> **Collection entries**:
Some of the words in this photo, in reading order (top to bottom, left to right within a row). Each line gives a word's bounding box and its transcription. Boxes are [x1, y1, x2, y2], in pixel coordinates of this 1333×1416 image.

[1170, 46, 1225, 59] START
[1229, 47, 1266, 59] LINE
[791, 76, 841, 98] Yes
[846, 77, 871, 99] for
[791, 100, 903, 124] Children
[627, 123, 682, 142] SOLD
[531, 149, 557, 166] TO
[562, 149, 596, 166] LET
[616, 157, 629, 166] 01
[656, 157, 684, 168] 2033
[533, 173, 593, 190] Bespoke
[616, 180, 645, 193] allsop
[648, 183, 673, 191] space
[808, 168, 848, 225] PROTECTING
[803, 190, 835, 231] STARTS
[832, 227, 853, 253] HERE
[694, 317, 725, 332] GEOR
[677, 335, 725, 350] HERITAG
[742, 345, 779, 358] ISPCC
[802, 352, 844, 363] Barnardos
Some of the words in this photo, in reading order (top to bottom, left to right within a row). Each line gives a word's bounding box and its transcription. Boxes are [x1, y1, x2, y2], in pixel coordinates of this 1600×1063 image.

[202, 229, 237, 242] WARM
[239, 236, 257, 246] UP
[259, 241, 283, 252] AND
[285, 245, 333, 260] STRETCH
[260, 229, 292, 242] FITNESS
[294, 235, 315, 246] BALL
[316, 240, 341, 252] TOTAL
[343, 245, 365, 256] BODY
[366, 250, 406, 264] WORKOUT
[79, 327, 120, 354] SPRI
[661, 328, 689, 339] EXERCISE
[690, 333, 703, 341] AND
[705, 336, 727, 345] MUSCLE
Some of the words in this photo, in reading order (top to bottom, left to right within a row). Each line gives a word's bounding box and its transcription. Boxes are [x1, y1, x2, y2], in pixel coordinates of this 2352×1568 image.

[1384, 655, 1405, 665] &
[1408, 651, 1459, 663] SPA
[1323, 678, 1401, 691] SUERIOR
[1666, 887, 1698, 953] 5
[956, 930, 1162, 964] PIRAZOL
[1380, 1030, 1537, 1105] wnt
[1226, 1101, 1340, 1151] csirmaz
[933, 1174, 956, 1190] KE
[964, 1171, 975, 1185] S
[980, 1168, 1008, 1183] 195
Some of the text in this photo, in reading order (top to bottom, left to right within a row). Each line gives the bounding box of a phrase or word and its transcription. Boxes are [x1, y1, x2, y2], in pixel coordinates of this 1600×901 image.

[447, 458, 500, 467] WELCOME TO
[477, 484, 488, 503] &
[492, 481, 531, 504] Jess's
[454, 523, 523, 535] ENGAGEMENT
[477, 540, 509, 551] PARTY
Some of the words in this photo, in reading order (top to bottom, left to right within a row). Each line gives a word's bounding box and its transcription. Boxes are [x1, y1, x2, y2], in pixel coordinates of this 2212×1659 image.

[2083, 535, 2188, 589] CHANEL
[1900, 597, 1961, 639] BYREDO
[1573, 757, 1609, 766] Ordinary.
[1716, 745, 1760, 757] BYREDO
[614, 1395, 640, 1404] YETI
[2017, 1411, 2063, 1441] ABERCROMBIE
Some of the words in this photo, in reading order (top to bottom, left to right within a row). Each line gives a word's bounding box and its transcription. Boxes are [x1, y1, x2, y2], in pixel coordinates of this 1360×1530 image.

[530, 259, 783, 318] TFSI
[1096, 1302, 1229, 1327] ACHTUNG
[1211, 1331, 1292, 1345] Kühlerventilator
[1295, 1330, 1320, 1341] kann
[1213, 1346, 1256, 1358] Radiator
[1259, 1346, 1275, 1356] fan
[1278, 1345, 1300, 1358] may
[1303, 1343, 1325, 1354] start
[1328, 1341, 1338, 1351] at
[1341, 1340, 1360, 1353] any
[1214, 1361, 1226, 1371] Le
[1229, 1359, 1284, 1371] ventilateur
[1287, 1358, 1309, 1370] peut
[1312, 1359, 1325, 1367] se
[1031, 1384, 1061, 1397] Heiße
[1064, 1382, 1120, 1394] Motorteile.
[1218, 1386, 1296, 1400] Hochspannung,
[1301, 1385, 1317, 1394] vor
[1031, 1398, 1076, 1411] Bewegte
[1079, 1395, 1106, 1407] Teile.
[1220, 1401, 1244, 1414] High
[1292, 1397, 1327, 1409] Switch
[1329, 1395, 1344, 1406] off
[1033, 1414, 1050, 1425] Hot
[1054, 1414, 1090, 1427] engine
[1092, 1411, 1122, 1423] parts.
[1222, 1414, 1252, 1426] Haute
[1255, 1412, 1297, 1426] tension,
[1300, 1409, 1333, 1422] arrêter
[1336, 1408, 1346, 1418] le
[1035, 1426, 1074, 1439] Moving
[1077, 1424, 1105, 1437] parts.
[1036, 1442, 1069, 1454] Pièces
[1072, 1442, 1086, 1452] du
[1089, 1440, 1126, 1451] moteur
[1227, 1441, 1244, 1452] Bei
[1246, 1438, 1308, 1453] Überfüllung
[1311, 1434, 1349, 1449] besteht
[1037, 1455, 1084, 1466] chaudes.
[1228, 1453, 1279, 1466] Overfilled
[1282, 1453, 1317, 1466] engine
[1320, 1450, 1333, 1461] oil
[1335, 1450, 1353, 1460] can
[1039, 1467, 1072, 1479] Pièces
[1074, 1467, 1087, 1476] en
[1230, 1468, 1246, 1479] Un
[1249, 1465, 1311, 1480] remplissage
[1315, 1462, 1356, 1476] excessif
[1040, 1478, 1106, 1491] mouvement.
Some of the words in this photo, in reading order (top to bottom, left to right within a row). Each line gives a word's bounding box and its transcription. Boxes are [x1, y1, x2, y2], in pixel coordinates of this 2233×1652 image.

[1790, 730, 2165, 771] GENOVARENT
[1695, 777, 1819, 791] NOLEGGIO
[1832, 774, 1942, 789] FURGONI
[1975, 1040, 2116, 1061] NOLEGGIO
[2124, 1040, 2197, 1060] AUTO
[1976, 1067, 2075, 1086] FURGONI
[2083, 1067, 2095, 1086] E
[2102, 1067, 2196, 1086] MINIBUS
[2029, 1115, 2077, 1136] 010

> **ACTIVITY**: Now write the data shown above out again, word for word.

> **OUTPUT OF THE TASK**:
Some of the words in this photo, in reading order (top to bottom, left to right within a row). Each line gives a word's bounding box and its transcription. Boxes are [x1, y1, x2, y2], in pixel coordinates of this 1333×1416 image.

[1170, 46, 1225, 59] START
[1229, 47, 1266, 59] LINE
[791, 76, 841, 98] Yes
[846, 77, 871, 99] for
[791, 100, 903, 124] Children
[627, 123, 682, 142] SOLD
[531, 149, 557, 166] TO
[562, 149, 596, 166] LET
[616, 157, 629, 166] 01
[656, 157, 684, 168] 2033
[533, 173, 593, 190] Bespoke
[616, 180, 645, 193] allsop
[648, 183, 673, 191] space
[808, 168, 848, 225] PROTECTING
[803, 190, 835, 231] STARTS
[832, 227, 853, 253] HERE
[694, 317, 725, 332] GEOR
[677, 335, 725, 350] HERITAG
[742, 345, 779, 358] ISPCC
[802, 352, 844, 363] Barnardos
Some of the words in this photo, in reading order (top to bottom, left to right within a row). Each line gives a word's bounding box and its transcription. Boxes are [x1, y1, x2, y2], in pixel coordinates of this 1600×1063 image.

[202, 229, 237, 242] WARM
[239, 236, 257, 246] UP
[259, 241, 283, 252] AND
[285, 245, 333, 260] STRETCH
[260, 229, 292, 242] FITNESS
[294, 235, 315, 246] BALL
[316, 240, 341, 252] TOTAL
[343, 245, 365, 256] BODY
[366, 250, 406, 264] WORKOUT
[79, 327, 120, 354] SPRI
[661, 328, 689, 339] EXERCISE
[690, 333, 703, 341] AND
[705, 336, 727, 345] MUSCLE
Some of the words in this photo, in reading order (top to bottom, left to right within a row). Each line gives a word's bounding box and its transcription. Boxes are [x1, y1, x2, y2], in pixel coordinates of this 2352×1568 image.

[1384, 655, 1405, 665] &
[1408, 651, 1459, 663] SPA
[1323, 678, 1401, 691] SUERIOR
[1666, 887, 1698, 953] 5
[956, 930, 1162, 964] PIRAZOL
[1380, 1030, 1537, 1105] wnt
[1226, 1101, 1340, 1151] csirmaz
[933, 1174, 956, 1190] KE
[964, 1171, 975, 1185] S
[980, 1168, 1008, 1183] 195
Some of the text in this photo, in reading order (top to bottom, left to right within a row). Each line gives the bounding box of a phrase or word and its transcription. Boxes are [x1, y1, x2, y2], in pixel coordinates of this 1600×901 image.

[447, 458, 500, 467] WELCOME TO
[477, 484, 488, 503] &
[492, 481, 531, 504] Jess's
[454, 523, 523, 535] ENGAGEMENT
[477, 540, 509, 551] PARTY
Some of the words in this photo, in reading order (top to bottom, left to right within a row). Each line gives a word's bounding box and its transcription. Boxes are [x1, y1, x2, y2], in pixel coordinates of this 2212×1659 image.

[2083, 535, 2188, 589] CHANEL
[1900, 597, 1961, 639] BYREDO
[1573, 757, 1609, 766] Ordinary.
[1716, 745, 1760, 757] BYREDO
[614, 1395, 640, 1404] YETI
[2017, 1411, 2063, 1441] ABERCROMBIE
Some of the words in this photo, in reading order (top to bottom, left to right within a row). Each line gives a word's bounding box and its transcription. Boxes are [x1, y1, x2, y2], in pixel coordinates of this 1360×1530 image.

[530, 259, 783, 318] TFSI
[1096, 1302, 1229, 1327] ACHTUNG
[1211, 1331, 1292, 1345] Kühlerventilator
[1295, 1330, 1320, 1341] kann
[1213, 1346, 1256, 1358] Radiator
[1259, 1346, 1275, 1356] fan
[1278, 1345, 1300, 1358] may
[1303, 1343, 1325, 1354] start
[1328, 1341, 1338, 1351] at
[1341, 1340, 1360, 1353] any
[1214, 1361, 1226, 1371] Le
[1229, 1359, 1284, 1371] ventilateur
[1287, 1358, 1309, 1370] peut
[1312, 1359, 1325, 1367] se
[1031, 1384, 1061, 1397] Heiße
[1064, 1382, 1120, 1394] Motorteile.
[1218, 1386, 1296, 1400] Hochspannung,
[1301, 1385, 1317, 1394] vor
[1031, 1398, 1076, 1411] Bewegte
[1079, 1395, 1106, 1407] Teile.
[1220, 1401, 1244, 1414] High
[1292, 1397, 1327, 1409] Switch
[1329, 1395, 1344, 1406] off
[1033, 1414, 1050, 1425] Hot
[1054, 1414, 1090, 1427] engine
[1092, 1411, 1122, 1423] parts.
[1222, 1414, 1252, 1426] Haute
[1255, 1412, 1297, 1426] tension,
[1300, 1409, 1333, 1422] arrêter
[1336, 1408, 1346, 1418] le
[1035, 1426, 1074, 1439] Moving
[1077, 1424, 1105, 1437] parts.
[1036, 1442, 1069, 1454] Pièces
[1072, 1442, 1086, 1452] du
[1089, 1440, 1126, 1451] moteur
[1227, 1441, 1244, 1452] Bei
[1246, 1438, 1308, 1453] Überfüllung
[1311, 1434, 1349, 1449] besteht
[1037, 1455, 1084, 1466] chaudes.
[1228, 1453, 1279, 1466] Overfilled
[1282, 1453, 1317, 1466] engine
[1320, 1450, 1333, 1461] oil
[1335, 1450, 1353, 1460] can
[1039, 1467, 1072, 1479] Pièces
[1074, 1467, 1087, 1476] en
[1230, 1468, 1246, 1479] Un
[1249, 1465, 1311, 1480] remplissage
[1315, 1462, 1356, 1476] excessif
[1040, 1478, 1106, 1491] mouvement.
Some of the words in this photo, in reading order (top to bottom, left to right within a row). Each line gives a word's bounding box and its transcription. Boxes are [x1, y1, x2, y2], in pixel coordinates of this 2233×1652 image.

[1790, 730, 2165, 771] GENOVARENT
[1695, 777, 1819, 791] NOLEGGIO
[1832, 774, 1942, 789] FURGONI
[1975, 1040, 2116, 1061] NOLEGGIO
[2124, 1040, 2197, 1060] AUTO
[1976, 1067, 2075, 1086] FURGONI
[2083, 1067, 2095, 1086] E
[2102, 1067, 2196, 1086] MINIBUS
[2029, 1115, 2077, 1136] 010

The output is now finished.